The platform generally assumes that the user knows what they are doing. That shows up everywhere: network design, server provisioning, backup strategy, private networking, and even understanding which product should be used for which kind of workload. Hetzner is not trying to hide infrastructure decisions from the customer.

This is one reason the service is so well liked by technical operators and less loved by beginners. If you are comfortable assembling your own stack, the workflow feels flexible. If you want a guided platform, it feels scattered.

Support and security

Security basics are strong. DDoS protection is included. The company emphasizes GDPR and ISO-aligned data-center operations. Firewalls, load balancers, backups, and network controls are all there in forms that make sense for a serious infrastructure provider.

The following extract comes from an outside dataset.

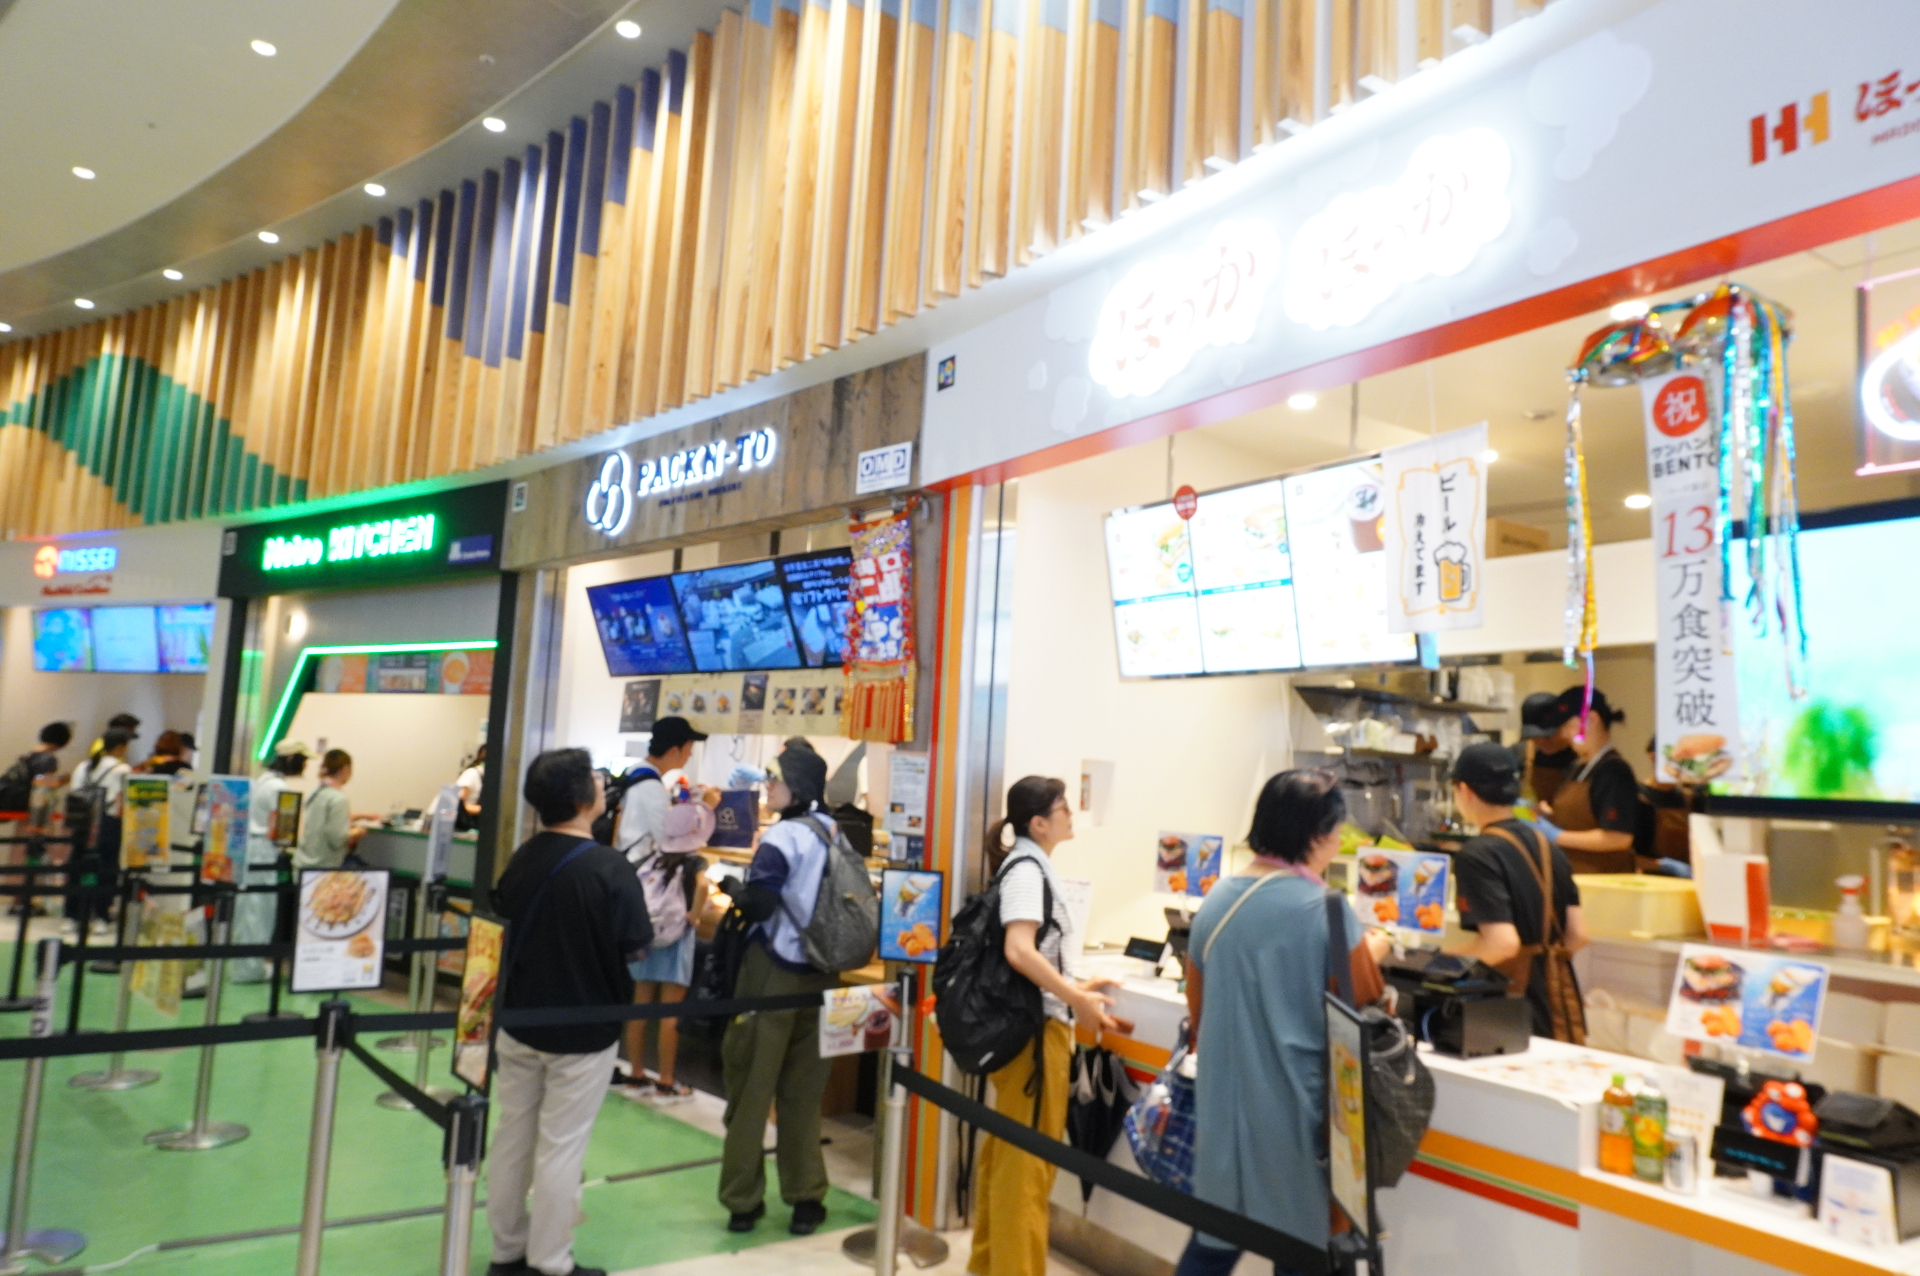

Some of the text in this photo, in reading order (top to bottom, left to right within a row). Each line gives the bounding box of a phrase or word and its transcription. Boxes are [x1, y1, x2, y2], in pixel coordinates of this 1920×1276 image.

Support is the more complicated story. Plenty of users say It's good enough, especially for hardware issues. Plenty of others describe it as rigid, slow to bend, or not especially friendly. That's probably the most accurate summary: Hetzner support is often competent, but not famous for flexibility or warmth.

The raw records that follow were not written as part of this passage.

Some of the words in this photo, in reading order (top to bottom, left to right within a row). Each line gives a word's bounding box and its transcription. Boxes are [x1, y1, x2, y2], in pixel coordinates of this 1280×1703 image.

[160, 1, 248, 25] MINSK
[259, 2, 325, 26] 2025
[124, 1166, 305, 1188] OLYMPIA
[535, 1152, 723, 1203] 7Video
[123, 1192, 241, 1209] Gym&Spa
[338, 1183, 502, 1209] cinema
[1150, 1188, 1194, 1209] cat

The company is also stricter than many providers in policy enforcement. KYC, abuse handling, and crypto-related restrictions are not minor details here. Buyers who sit near policy gray zones or want a provider that will negotiate endlessly over edge-case use should go elsewhere.

What users say

The most common positive feedback is very consistent: excellent price-to-performance, strong uptime, good bandwidth economics, useful storage products, and a feeling that the company is still closer to real infrastructure than to marketing theater. That combination has kept Hetzner popular for years.

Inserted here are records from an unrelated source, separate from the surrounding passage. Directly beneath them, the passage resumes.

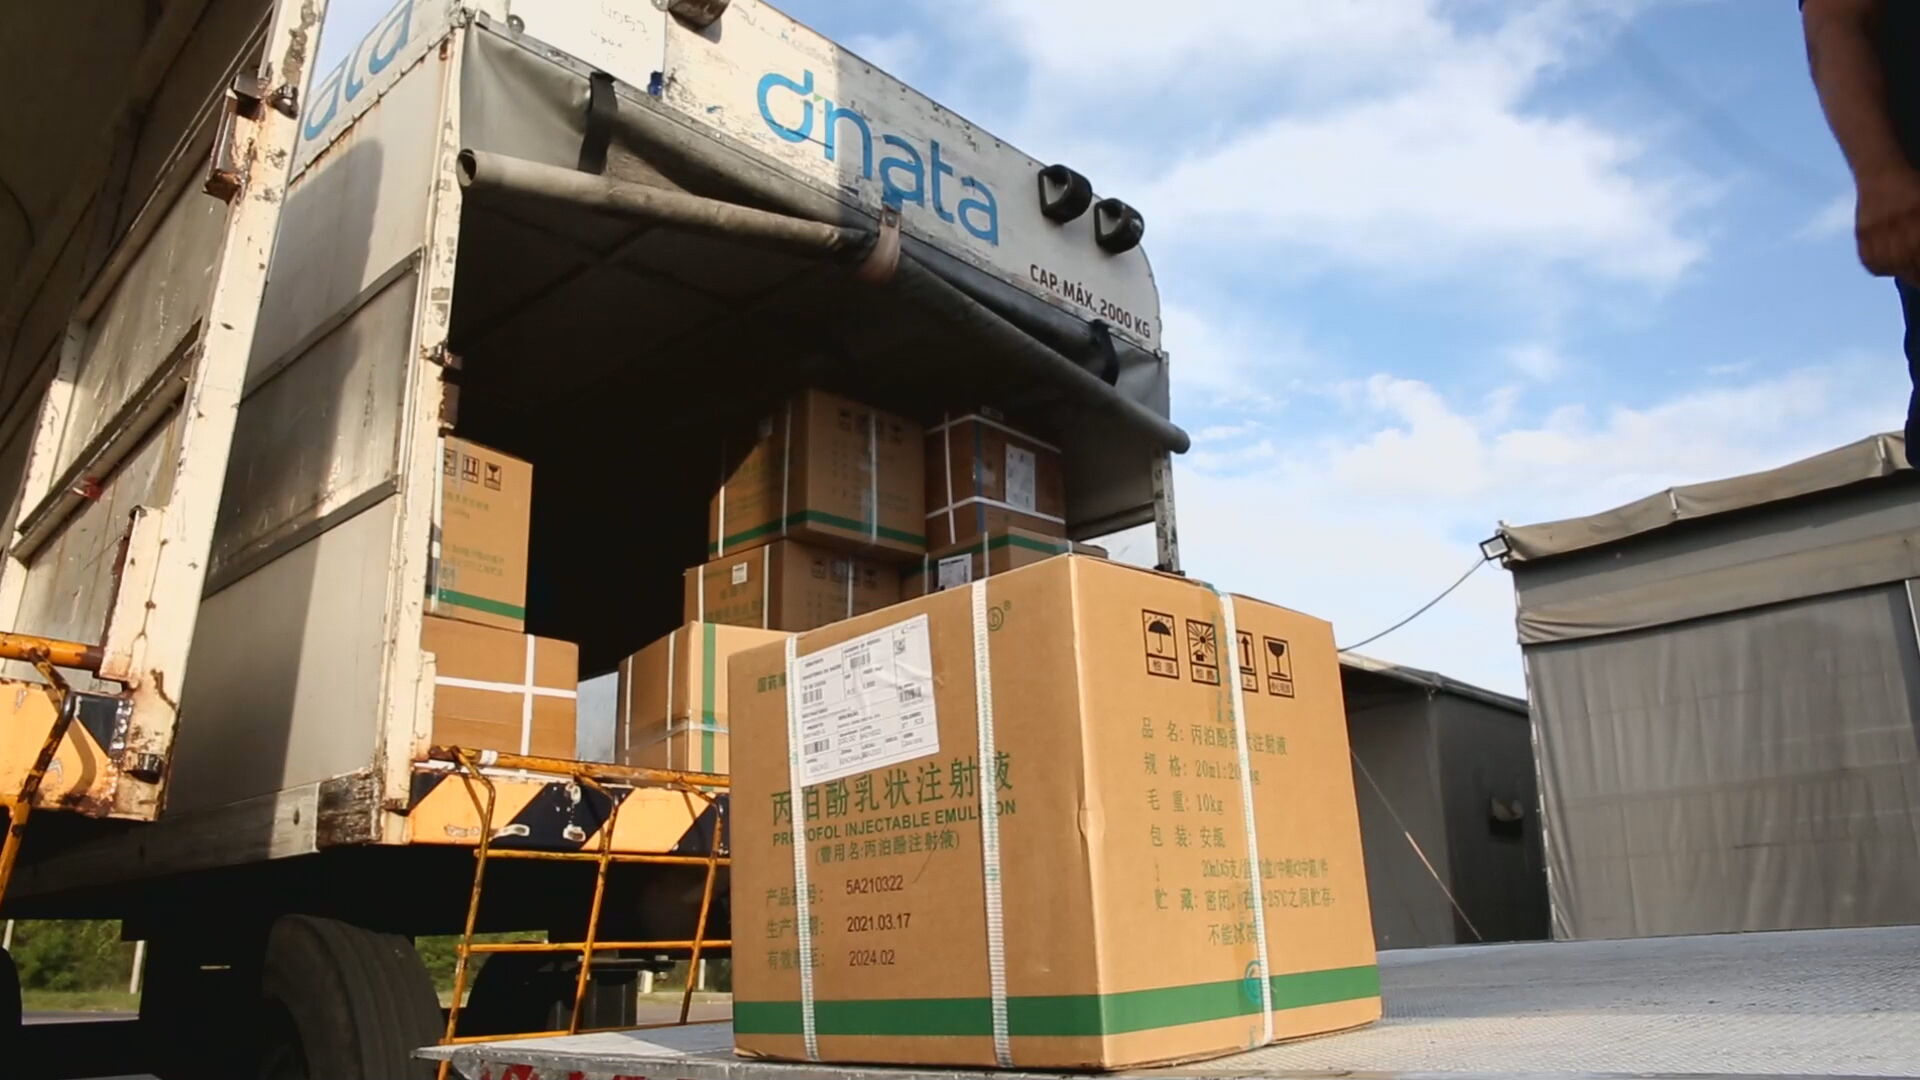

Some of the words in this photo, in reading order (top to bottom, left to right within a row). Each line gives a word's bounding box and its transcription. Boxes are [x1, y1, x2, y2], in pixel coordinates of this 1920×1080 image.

[757, 70, 999, 246] dnata
[1030, 263, 1060, 293] CAP.
[1063, 280, 1097, 313] MÁX.
[1099, 298, 1132, 329] 2000
[1134, 318, 1151, 339] KG
[772, 822, 841, 847] PROFOL
[845, 810, 931, 837] INJECTABLE
[936, 799, 1016, 826] EMULON
[846, 875, 904, 895] 5A210322
[847, 912, 912, 933] 2021.03.17
[849, 949, 896, 967] 2024.02

The negative feedback is also consistent. Support can feel inflexible. Account verification and policy enforcement can be harsh. Object storage attracts more criticism than the rest of the product line. The April 2026 price increases also clearly annoyed a lot of customers, even those who still admit the provider remains good value.

So the reputation ends up being broadly positive, but with a strong asterisk: technical users love what they can get for the money, while less technical users often bounce off the operational style.

Who it fits

Hetzner fits technically capable teams, self-hosters, SaaS operators, backup-heavy users, and anyone who cares more about infrastructure value than about managed polish. It's especially strong when the workload sits in or near Europe, or when bandwidth and storage costs matter a lot.

It's a weaker fit for total beginners, buyers who want premium managed services, customers who need broad first-party cloud services like managed databases everywhere, or anyone running policy-sensitive crypto workloads. Those buyers usually want a different kind of provider.

In 2026, Hetzner is still one of the best infrastructure values available. You just have to be honest about the work it expects the customer to do.